Many types of metamaterials are being produced using the same equipment that makes computer chips. That’s important because it introduces a generation of inexpensive chips that harness light, in the same way that computer chips could harness electricity in the 1960s. That innovation led to a consumer industry. Big new: Electronic clocks, followed by video games and then personal computers, all of which evolved thanks to the ability to engrave circuits on silicon.
By relying on microchip technology, it is possible to cheaply fabricate tens of thousands or even millions of two-dimensional lenses capable of bending light based on samples of transparent materials embedded on their surfaces with limbs. charge only a fraction of the cost of today’s optical lenses.
The question these companies have to answer is whether they can provide enough improved performance and lower costs to convince manufacturers to switch away from their existing components (in this case cheap plastic lenses).
The obvious first step for the new technology is to replace plastic lenses in smartphones, something Metalenz will start working on next year, but that’s just the first mass market for metamaterials. There will also be applications to control how we interact with computers and car safety systems, as well as improve the mobility of inexpensive robots in crowded environments, says Devlin.
Apple is reportedly working on a design for a system that will transform many smartphone functions into what will ultimately be thin and light glass.
“One of the main problems is mass and weight,” said Gary Bradski, chief technician at OpenCV.ai, a developer of free machine vision software. “I mean how much weight can your nose hold?”

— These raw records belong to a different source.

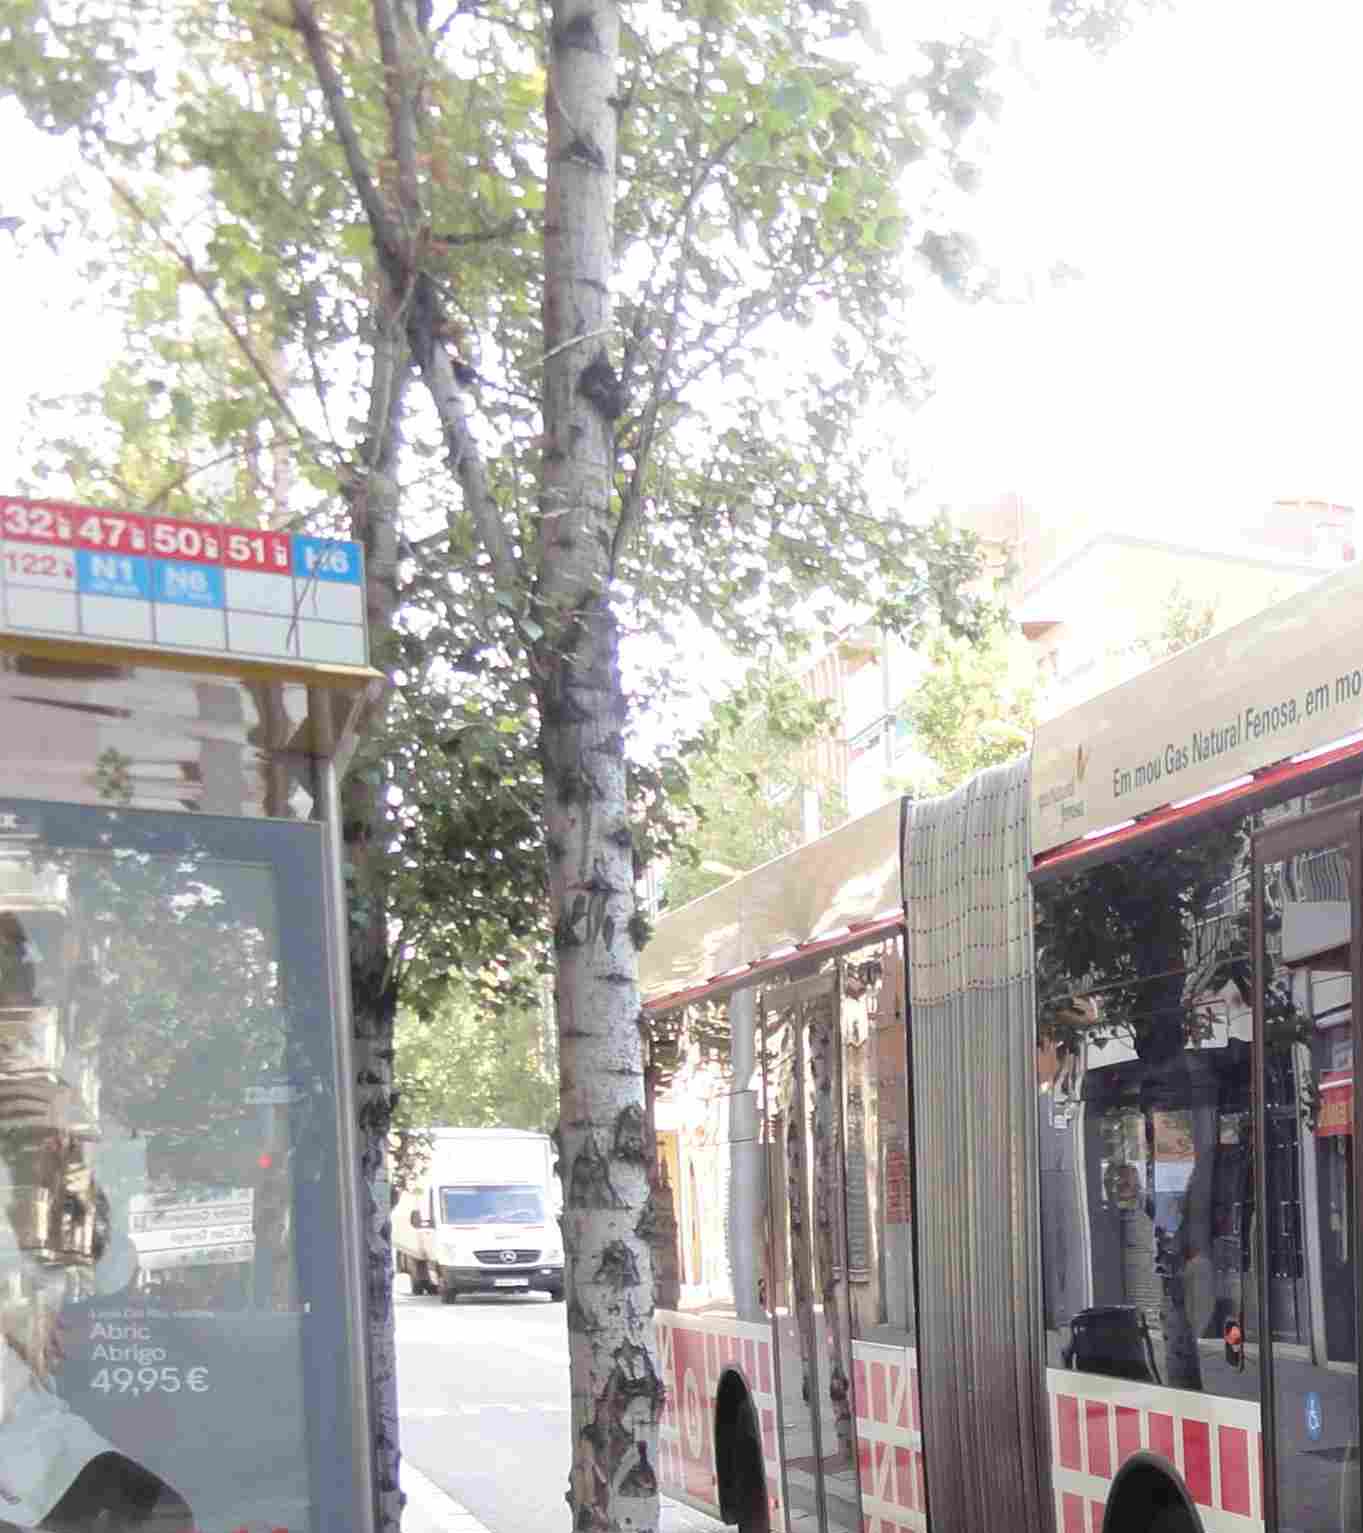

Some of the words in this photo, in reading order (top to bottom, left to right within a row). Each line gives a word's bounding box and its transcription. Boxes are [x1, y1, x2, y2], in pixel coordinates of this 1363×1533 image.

[4, 505, 52, 540] 32
[80, 516, 127, 548] 47
[154, 522, 200, 557] 50
[228, 534, 265, 564] 51
[1111, 768, 1132, 798] Em
[1135, 757, 1162, 790] mou
[1164, 743, 1190, 775] Gas
[1191, 716, 1241, 764] Natural
[1244, 697, 1302, 741] Fenosa,
[1305, 683, 1330, 715] em
[89, 1321, 151, 1341] Abric
[91, 1343, 168, 1367] Abrigo

Brightness is an advantage for Metalenz, which has demonstrated that the ultra-thin lenses made of two-dimensional silicon have a super-transparent structure, each smaller than the wavelength of light. However, making lenses like integrated circuits offer other important advantages.
“One of the most powerful things you get out of metamaterials or superfaces is the ability to actually reduce system complexity while improving overall performance,” says Devlin. “So the medical or scientific apps that were locked in the lab because they were really big, bulky, and expensive will now be offered at a price in the form you can take it for. to everyone’s phone. “
An early possibility would be to make it possible to place sensors right behind a smartphone screen, making it possible to use the entire surface area of the phone. It will also simplify “structured light” sensors that project dot patterns used to perform facial recognition.
Microelectronics’s most powerful property is its ability to shrink microchips, making them faster, more powerful, and less expensive for decades. In a similar fashion, metamaterials will transform the way designers exploit light beams.
For example, scientists working on an advanced millimeter telescope scheduled for installation at the Simons Observatory in Chile next year have switched to using metamaterials for the tiles that will cover the inside of the glass. astronomy to collect almost all stray light. Mark Devlin (no relation to the founder of Metalenz), professor of astronomy and astrophysics at the University of Pennsylvania, said the photons that fall on the surface of the brick are trapped by a surface of the super conical structure. small. telescope.
“Bricks are light, cheap, easy to install and they won’t fall off,” he said.